Contando triennali e magistrali insieme, si arriva a oltre 44mila posti, ripartiti tra circa 50 atenei statali e non statali in tutta Italia. Rispetto allo scorso anno accademico l'offerta è cresciuta di circa il 3,6%, e non è un dettaglio da poco: racconta quanto il sistema sanitario abbia bisogno di nuovo personale.
Guardando come sono distribuiti i posti si capisce bene dove la carenza di personale si fa sentire di più. Infermieristica da sola copre 20.672 posti, più della metà dell'intera offerta formativa: è il corso con più posti infermieristica 2026 in assoluto, e non a caso è anche la figura sanitaria più richiesta dal sistema salute italiano.
Crescono in modo consistente anche altri indirizzi: fisioterapia passa da 3.262 a 4.086 posti (+25%), igiene dentale arriva a 1.070 (+16%), osteopatia a 490 (+15%) e ostetricia a 1.350 (+7,1%).

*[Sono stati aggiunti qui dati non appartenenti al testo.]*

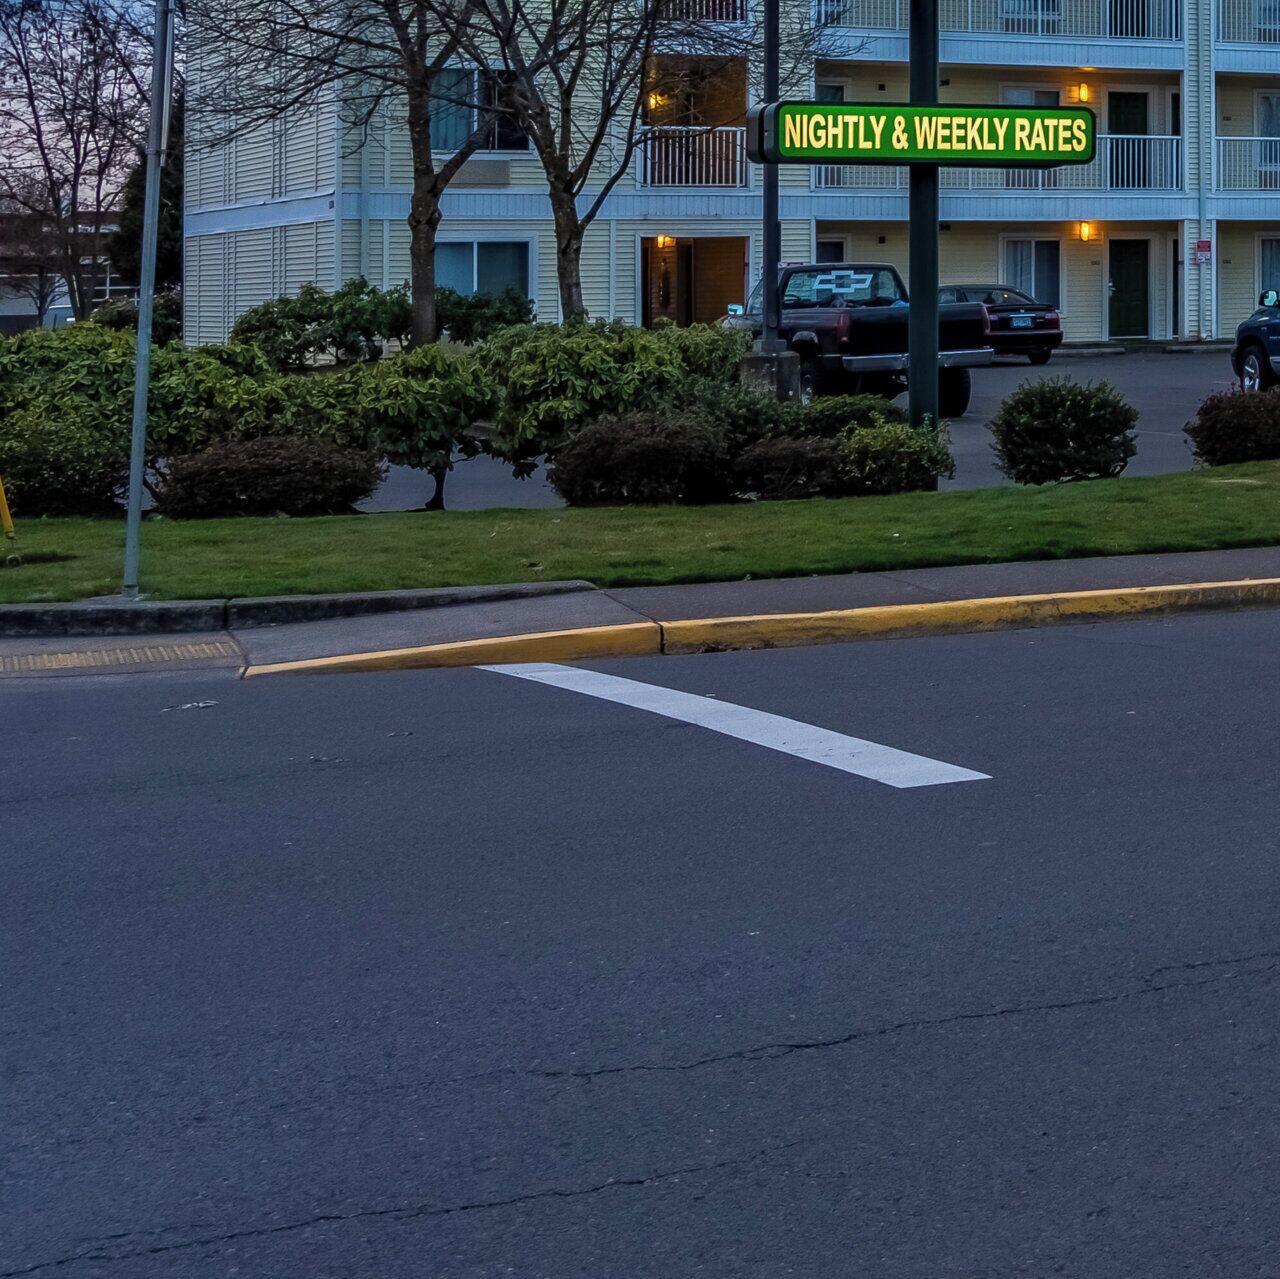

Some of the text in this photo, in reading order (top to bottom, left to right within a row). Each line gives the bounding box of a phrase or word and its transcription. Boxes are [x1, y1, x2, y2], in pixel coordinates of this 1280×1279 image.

[785, 114, 1087, 152] NIGHTLY & WEEKLY RATES
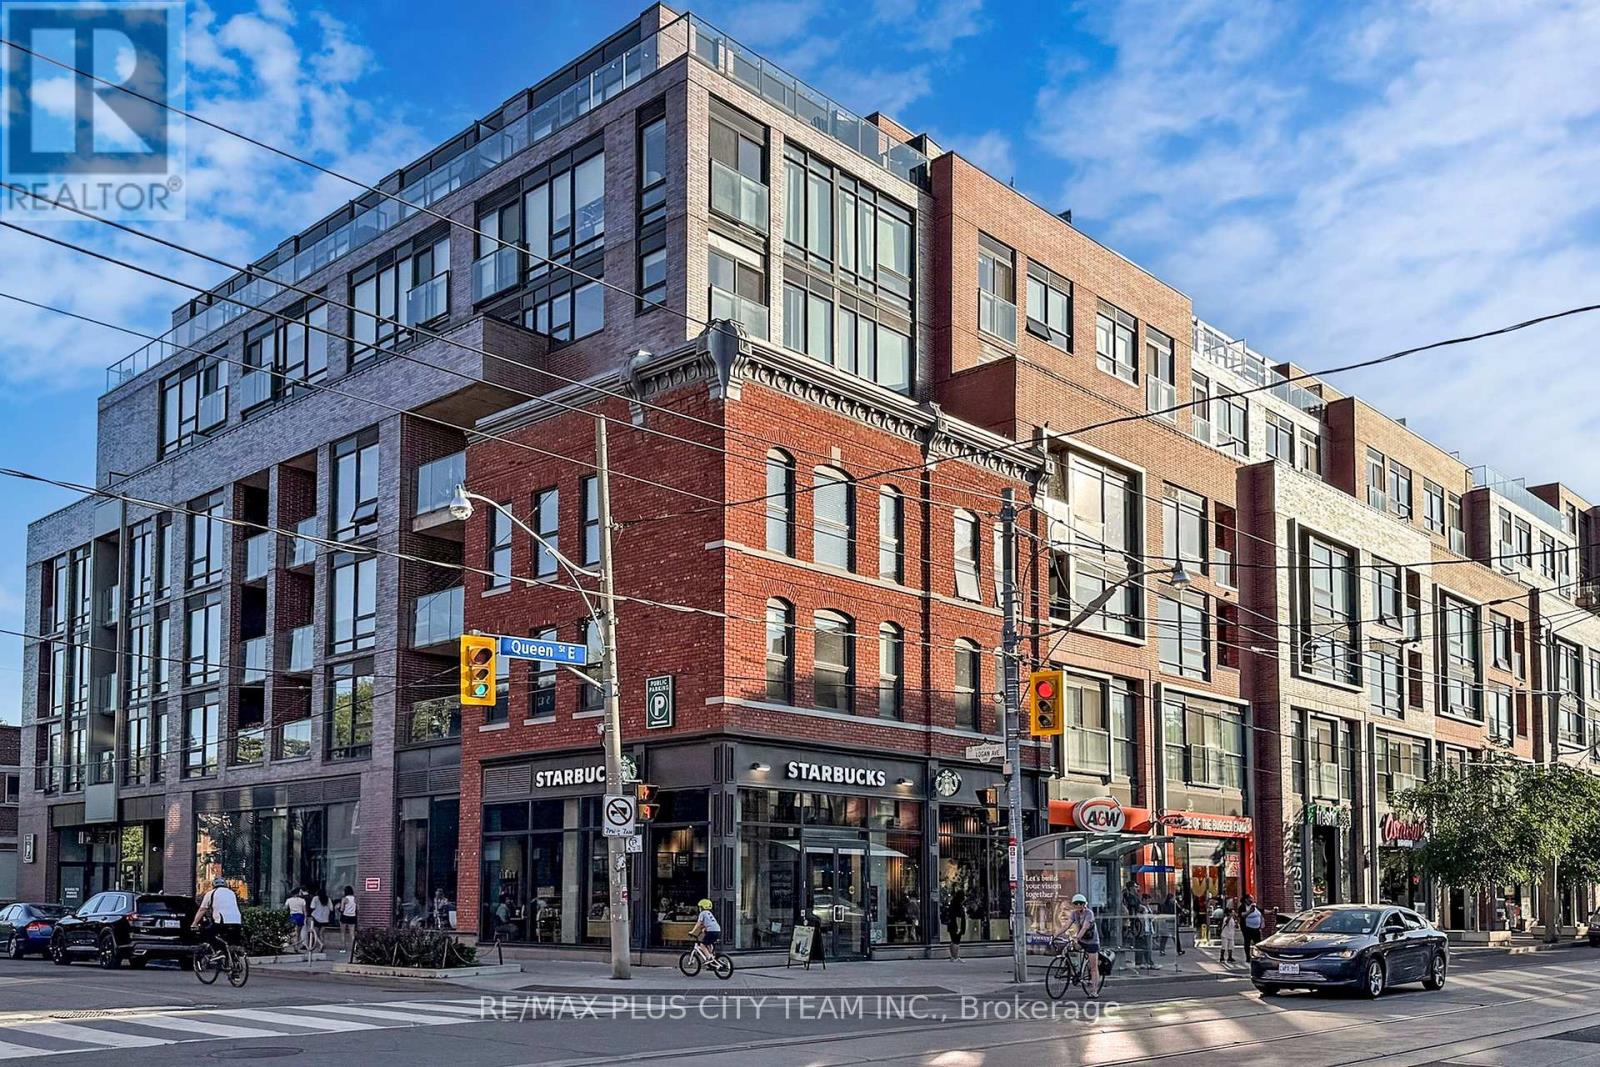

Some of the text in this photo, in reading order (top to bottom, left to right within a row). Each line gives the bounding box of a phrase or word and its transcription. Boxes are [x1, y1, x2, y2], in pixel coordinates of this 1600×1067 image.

[511, 640, 576, 660] Queen St E
[535, 765, 606, 788] STARBUC
[788, 761, 886, 787] STARBUCKS
[1087, 810, 1121, 828] A&W
[1025, 874, 1040, 882] Let's
[1041, 882, 1062, 890] vision

Debutta poi una novità: la laurea magistrale in Scienze Infermieristiche specialistiche per l'Assistenza Neonatale e Pediatrica, con 119 posti, che prende il posto del precedente indirizzo di Infermieristica Pediatrica.
L'aumento non è casuale. Il sistema sanitario italiano deve fare i conti con bisogni assistenziali crescenti, legati all'invecchiamento della popolazione, alla gestione delle cronicità e a modelli di cura che cambiano in fretta. Servono, in sostanza, più professionisti sul territorio.
Lo confermano anche i dati sull'occupazione: chi si laurea in una professione sanitaria trova lavoro nell'87,9% dei casi entro un anno dal titolo, con infermieristica che sale addirittura al 89,7%, molto sopra la media nazionale di tutte le lauree, ferma al 44%.
Questo non significa che entrare sia semplice: si stimano circa 64mila domande per i 38mila posti nelle triennali, quindi in media poco più di due candidati per posto. Ma la pressione cambia parecchio da corso a corso. Fisioterapia è il più ambito, con 6,5 domande per posto; seguono logopedia (4,3), ostetricia (3,1), dietistica (3,0) e tecniche di radiologia (2,5). Infermieristica, proprio perché offre più posti degli altri corsi, resta tra i percorsi relativamente più accessibili.

Il test è unico su base nazionale per gli atenei statali e si svolge in due date: il 16 settembre alle 11:00 per la prova in lingua italiana, il 17 settembre alla stessa ora per quella in lingua inglese.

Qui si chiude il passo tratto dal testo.